At the Sunday picnic, Marie walked over to Philip herself. A group of children with large hoops ran in front of her. She passed a table of elaborately decorated square cakes that seemed to resemble a miniature maquette of Versailles. She looked at him and announced, “You may court me, but only if you try to get Sadie back. I would like her to return to Montreal. I would like her as a sister-in-law.”

“I will try my best,” Philip said.



* * *





A few days later, Philip was standing in the office of Louis Antoine, seeking permission to ask for his daughter’s hand. Louis knew he should consider this younger man’s proposition with sensitivity and poise. But looking at Philip, he was filled with so much contempt. He knew the Arnetts were social climbers. And as a social climber himself, he would never marry his daughter to one.

Louis was blue blooded himself even though his family had lost all their money. He had always had the ease and confidence of someone from an upper-class family. This boy was crude. He was rough around the edges. It was Philip’s desperation that bothered Louis the most. The boy was so aware of all the advantages Marie could bring him, it would make it impossible for him to ever actually love her. There were so many things to love about Marie that had nothing to do with her wealth. She was intelligent. She was lazy, but when she put her mind to something, it was slightly perturbing how quickly she was able to master it. Philip would want to destroy all that.

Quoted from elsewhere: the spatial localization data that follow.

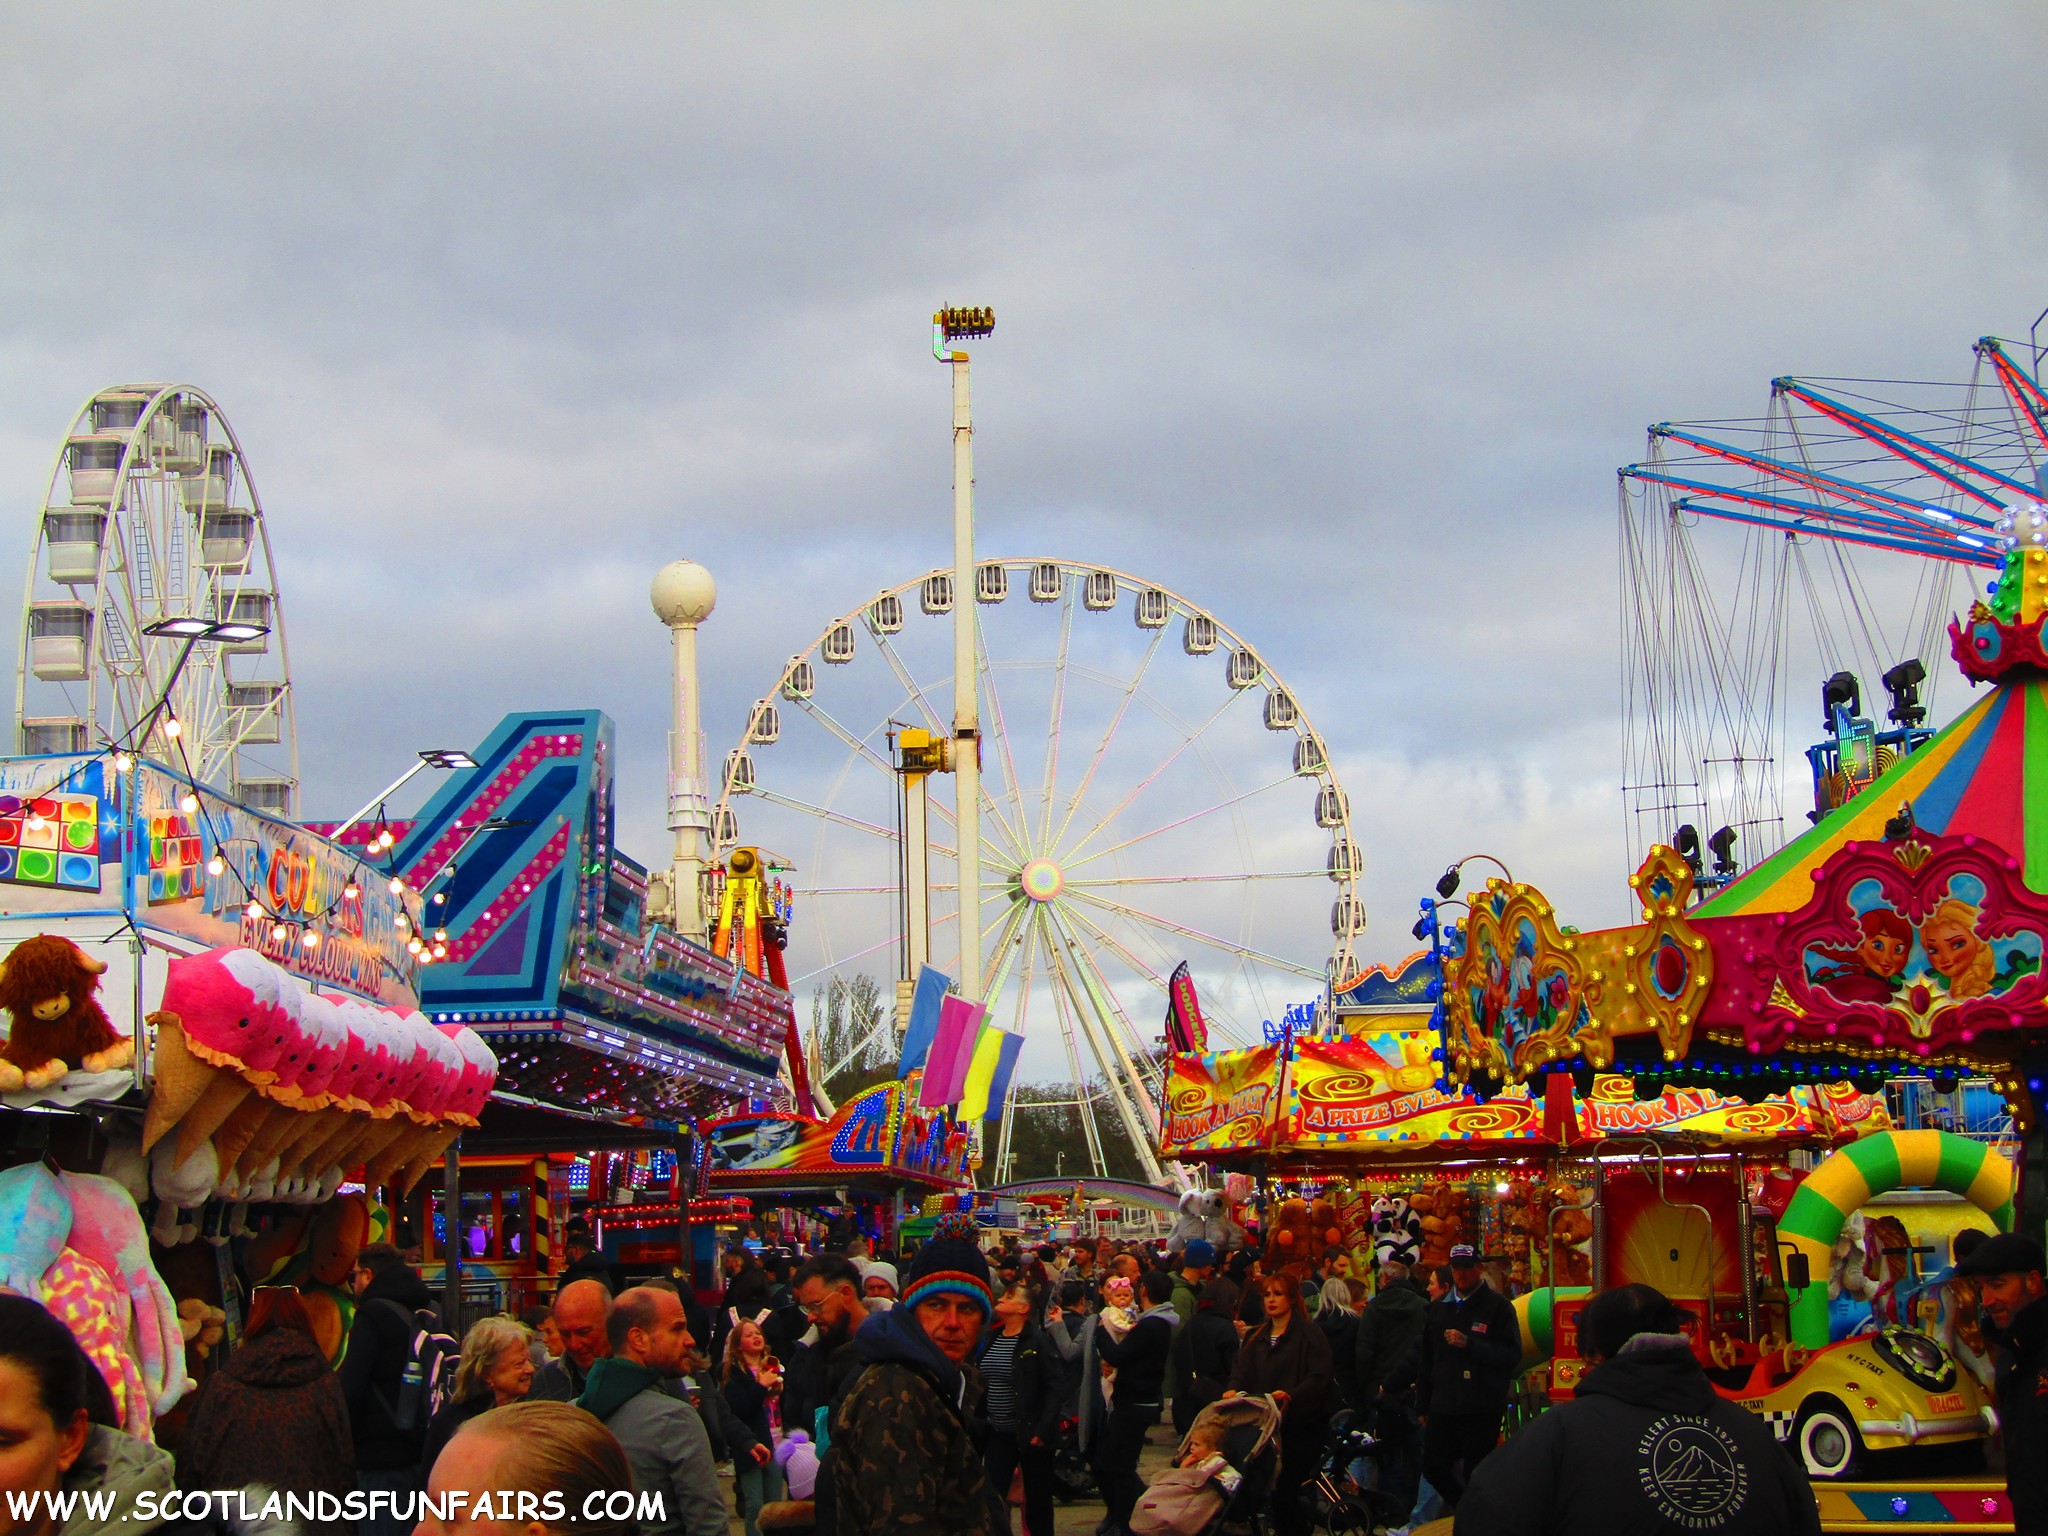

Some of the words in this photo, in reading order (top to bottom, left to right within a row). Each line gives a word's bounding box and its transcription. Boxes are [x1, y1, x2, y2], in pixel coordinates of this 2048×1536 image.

[238, 913, 299, 964] EVERY
[299, 931, 351, 984] COLOUR
[355, 950, 384, 997] WINS
[1173, 1109, 1213, 1142] HOOK
[1212, 1105, 1226, 1131] A
[1227, 1085, 1265, 1122] DUCK
[1307, 1106, 1326, 1127] A
[1328, 1103, 1392, 1127] PRIZE
[1392, 1083, 1464, 1117] EVERY
[1595, 1097, 1676, 1130] HOOK
[1676, 1092, 1702, 1118] A
[1865, 1361, 1886, 1377] TAXY
[1638, 1417, 1670, 1455] GELERT
[1673, 1414, 1709, 1428] SINCE
[1715, 1425, 1739, 1453] 1975
[1638, 1467, 1660, 1499] KEEP
[1657, 1501, 1725, 1529] EXPLORING
[1727, 1463, 1748, 1517] FOREVER

“I can tell by your expression you already know my answer to that question,” Louis Antoine said. “Because you know as well as I do you are no match for my daughter. She needs someone with a sense of humor. We are a family that likes to laugh. And you are dour. And maybe that’s all right for some young women. But not for Marie. You’ll bore her. She likes to be entertained. She dragged me all over the continent when she was still a girl, just to see new things. You want a wife who will stay at home and make you look good. That’s not Marie. She will outshine you everywhere you go. And you will have to find ways to make her not glow so brightly. I love my daughter. Why on earth would I want her to marry you?”

“You are wrong about me, sir,” Philip answered, staring hard at Louis.

“I can read a man like you. You think you are complicated, but you are an open book to me. I know what happens on the next page better than you.”

Louis had held himself back from saying what he really wanted to add. Which was that the idea of the Antoines and the Arnetts united as a family was grotesque to him. He had paid Philip’s sister’s school fees for years and made financial contributions to his idiotic father’s campaign. He hated how they were still always somewhere in his life, lurking. They would occasionally stand in his way, making their presence felt, as though they were temporarily blocking the sun, and then move away.

He knew when Philip walked out of the room this affair was not over. He might be done with the Arnetts, but the Arnetts were not done with him. The Arnetts would never be done with him.



* * *





Louis spoke to Marie about it at dinnertime. She and her father sat at opposite ends of a ridiculously long dining table. They would summon the waiter to them, whisper a message in his ear, and have him walk over to the other person to deliver it. They had found this great fun. Tonight, Louis was not in the mood for play.

“The Arnetts are going to bring up that ugly mess again. They are going to have me by the tail. They are going to pull every trick they have out of their hat. Honestly, it’s going to be a travesty. I don’t even know if I can eat tonight. The whole business is making me nauseous.”

“Tell them I will let Philip court me, but I want them to bring Sadie back.”